The petrol engine line-up consists of a 2,0-litre, four-cylinder unit with VVT-i which delivers 100kW and 182Nm and a revised version of Toyota’s familiar 2,7-litre VVT-i engine which produces 122kW and 245Nm and offers a 10% improvement in fuel economy. Revisions to the unit include lighter valve train components, a newly shaped intake tumble port, reshaped combustion chamber to support a high compression ratio, and the adoption of VVT-i for the exhaust side. Completing the line-up is the familiar 4,0 litre V6, which delivers 175kW and 376Nm.
Workhorse models are equipped with five-speed manual transmission, with higher grade models receiving an option of either a six-speed manual or a six-speed automatic gearbox.
According to a spokesman for Toyota, gear ratios of the new six-speed manual ’box have been optimised to feature a 10% lower first gear for enhanced low-speed torque delivery, with a 23% higher top gear for better fuel efficiency and relaxed high-speed cruising.
A first for the segment is the fitment of the intelligent Manual Transmission (iMT) on selected models. iMT effectively incorporates rev-matching technology on both up and downshifts, to provide an ultra-smooth drive, as well as assisting drivers with smooth take-offs.
Diesel models fitted with the new six-speed transmissions are badged as GD-6, with entry level derivatives using five-speed transmissions carrying only the GD part of the badge.
A first for Hilux is the fitment of a Drive Mode switch. Drivers are able to select between eco and power modes based on driving conditions.

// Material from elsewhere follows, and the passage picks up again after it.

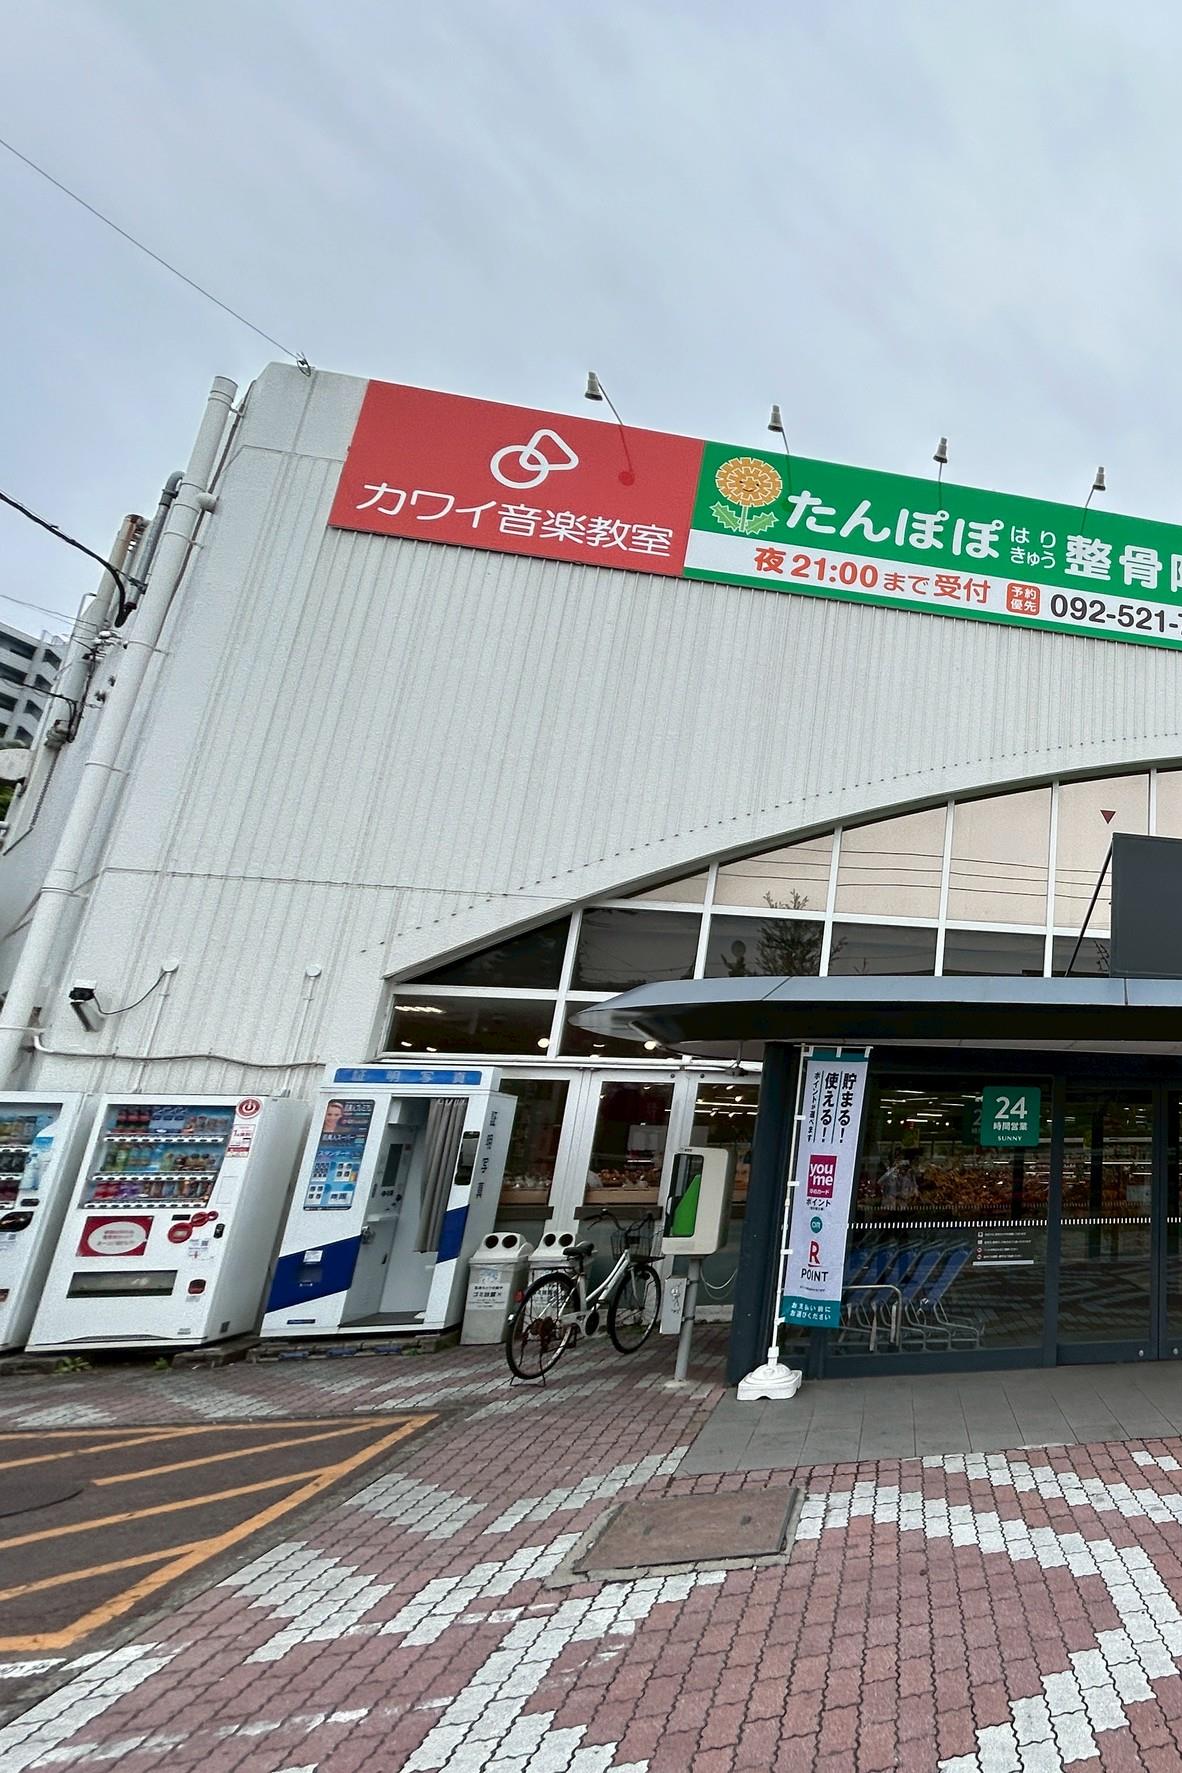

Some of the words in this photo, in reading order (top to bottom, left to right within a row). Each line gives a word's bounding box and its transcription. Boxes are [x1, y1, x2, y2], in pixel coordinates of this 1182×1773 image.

Eco mode reduces power consumption in relation to acceleration, heating and cooling to improve fuel economy, while the power mode offers the driver sharper acceleration responses for a more engaging drive.
The new Hilux is available in four grades, with the entry-level Workhorse grade aimed at utility usage, providing buyers with the essential specification items such as power steering, remote central locking, power windows, a driver’s side air bag and anti-lock braking.
The mid SRX grade strikes a balance between function and form, adding items such as tilt and telescopic steering adjustment, a multi-information display, a 12-volt power outlet, steering switches, USB and auxiliary inputs.
Serving as the flagship across all three body-shapes is the Raider grade that includes automatic climate control, a full-colour multi-information display, a touchscreen, six-speaker audio system, Bluetooth, USB, auto lights, daytime running lights, 17-inch alloy wheels, metallic interior trim and elegant chrome exterior accents.
A new addition to the range is the SR grade, which caters specifically for customers in the mining industry. The derivative is based on the SRX grade, but adds front side and curtain air bags as well as Vehicle Stability Control to comply with a full, five-star ANCAP safety specification level. It foregoes an audio system and side-steps due to the utilitarian nature of the vehicle.
All models are sold with a five-year or 90 000km service plan with service intervals set at 10 000km.